— EXERCISE REQUIREMENTS —
A faithful retyping of every entry below is wanted, with images left out.

PROVIDED ENTRIES Block Start

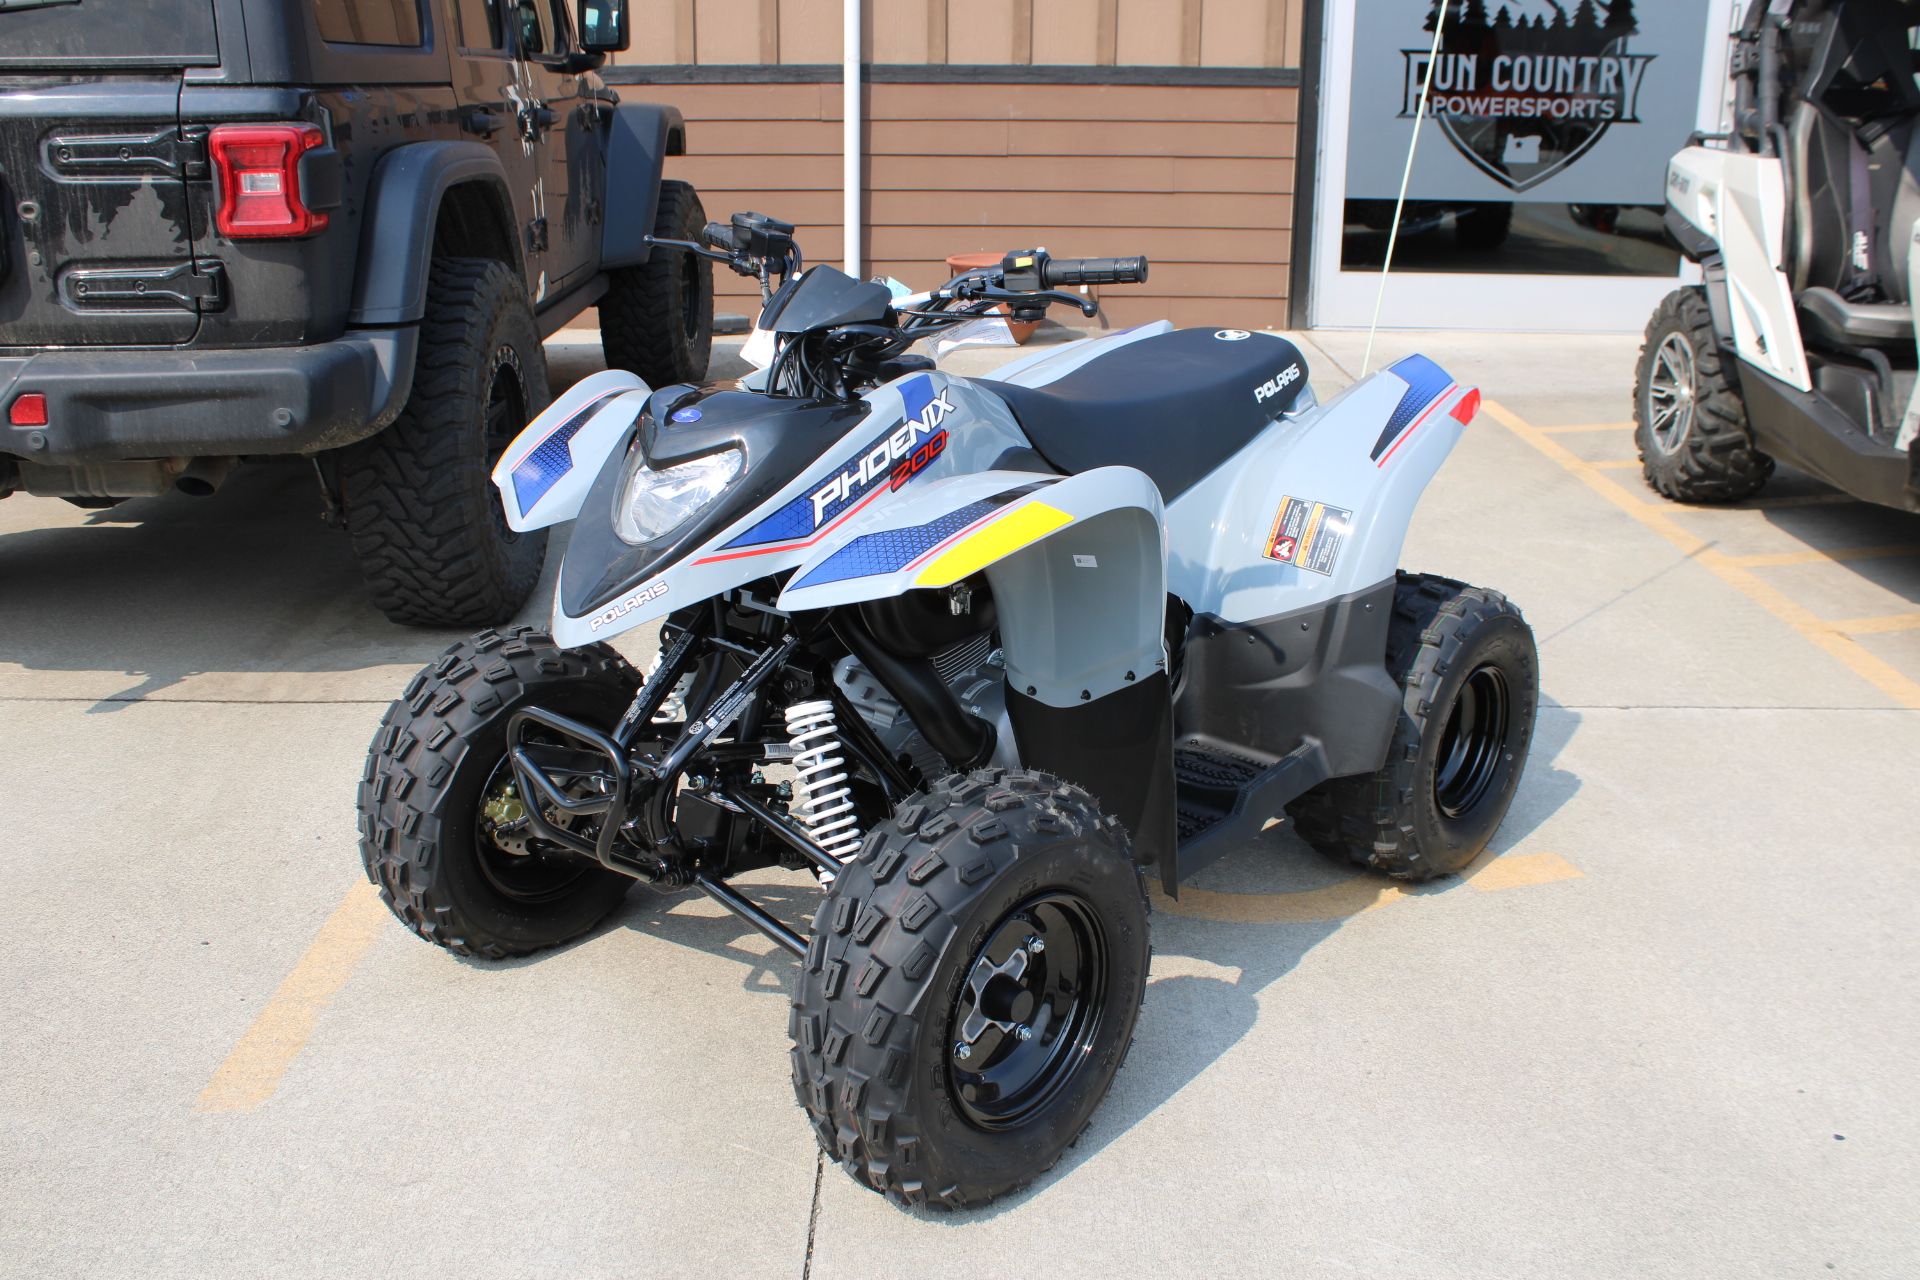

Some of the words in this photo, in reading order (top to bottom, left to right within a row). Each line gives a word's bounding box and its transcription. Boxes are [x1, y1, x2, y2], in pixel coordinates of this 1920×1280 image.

[1402, 52, 1479, 117] FUN
[1491, 54, 1654, 121] COUNTRY
[1432, 96, 1616, 119] POWERSPORTS
[1253, 362, 1301, 404] POLARIS
[809, 386, 957, 528] PHOENIX
[890, 428, 950, 494] 200
[589, 580, 670, 632] POLARIS
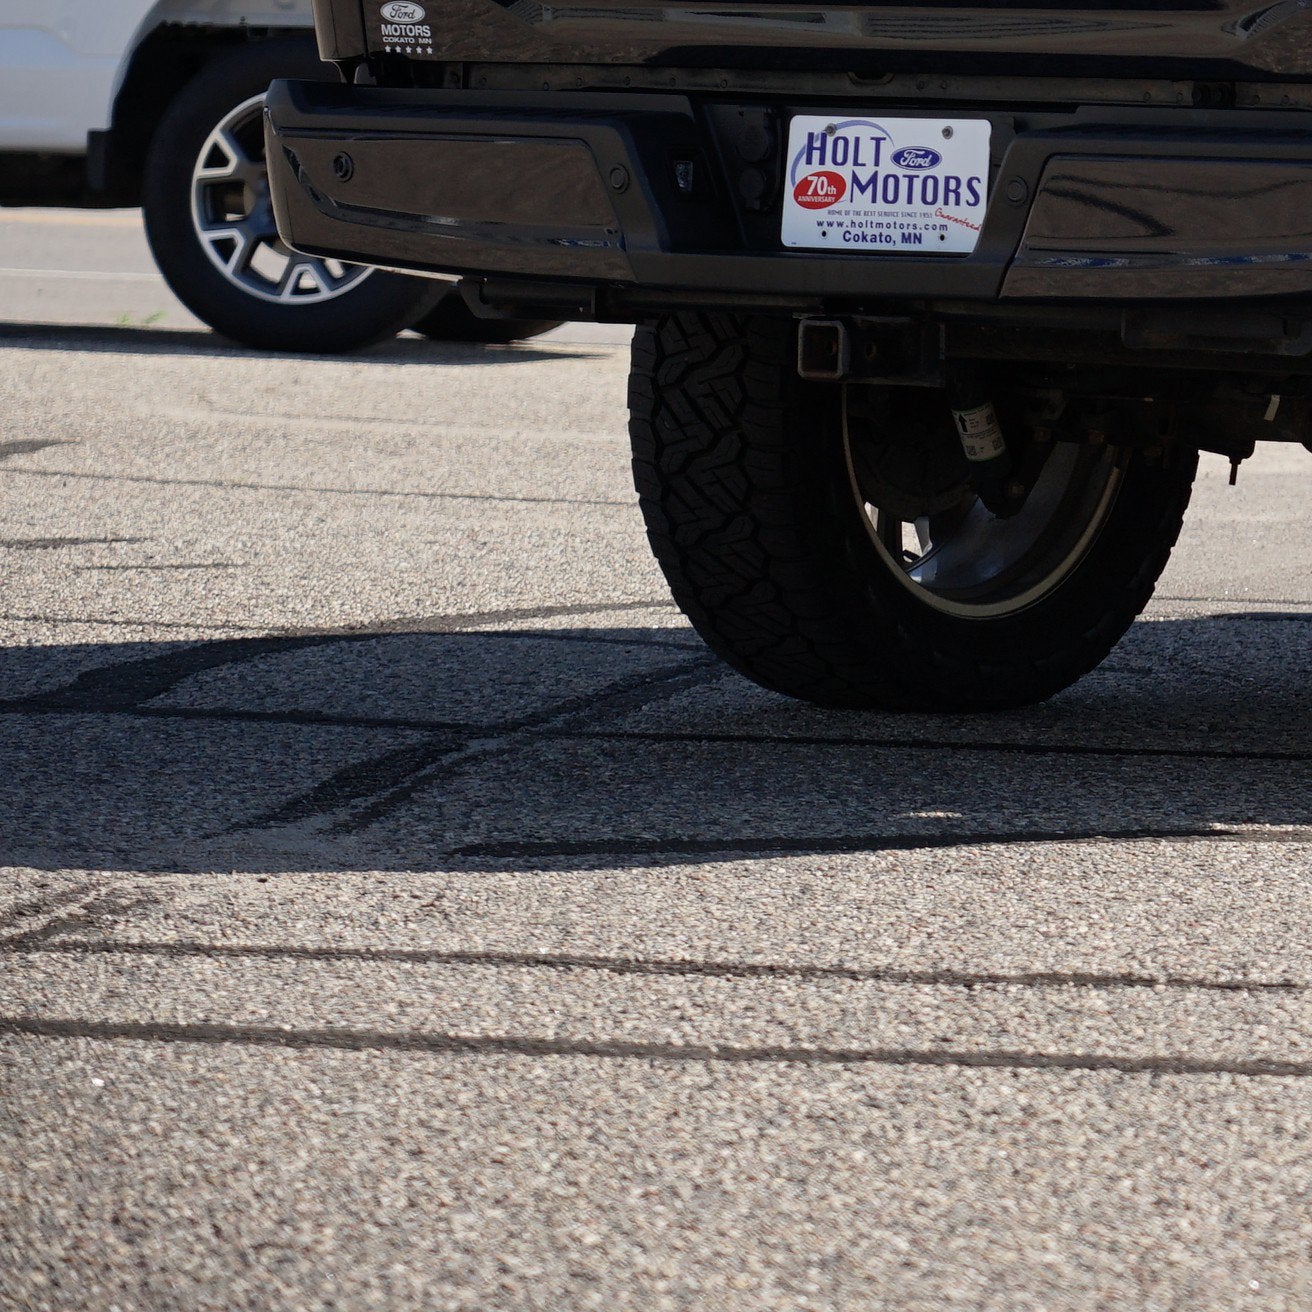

PROVIDED ENTRIES Block End

— RESULT FOR THIS TASK —
Some of the words in this photo, in reading order (top to bottom, left to right within a row). Each line gives a word's bounding box and its transcription. Boxes are [x1, y1, x2, y2], in pixel coordinates of this 1920×1280 image.

[1402, 52, 1479, 117] FUN
[1491, 54, 1654, 121] COUNTRY
[1432, 96, 1616, 119] POWERSPORTS
[1253, 362, 1301, 404] POLARIS
[809, 386, 957, 528] PHOENIX
[890, 428, 950, 494] 200
[589, 580, 670, 632] POLARIS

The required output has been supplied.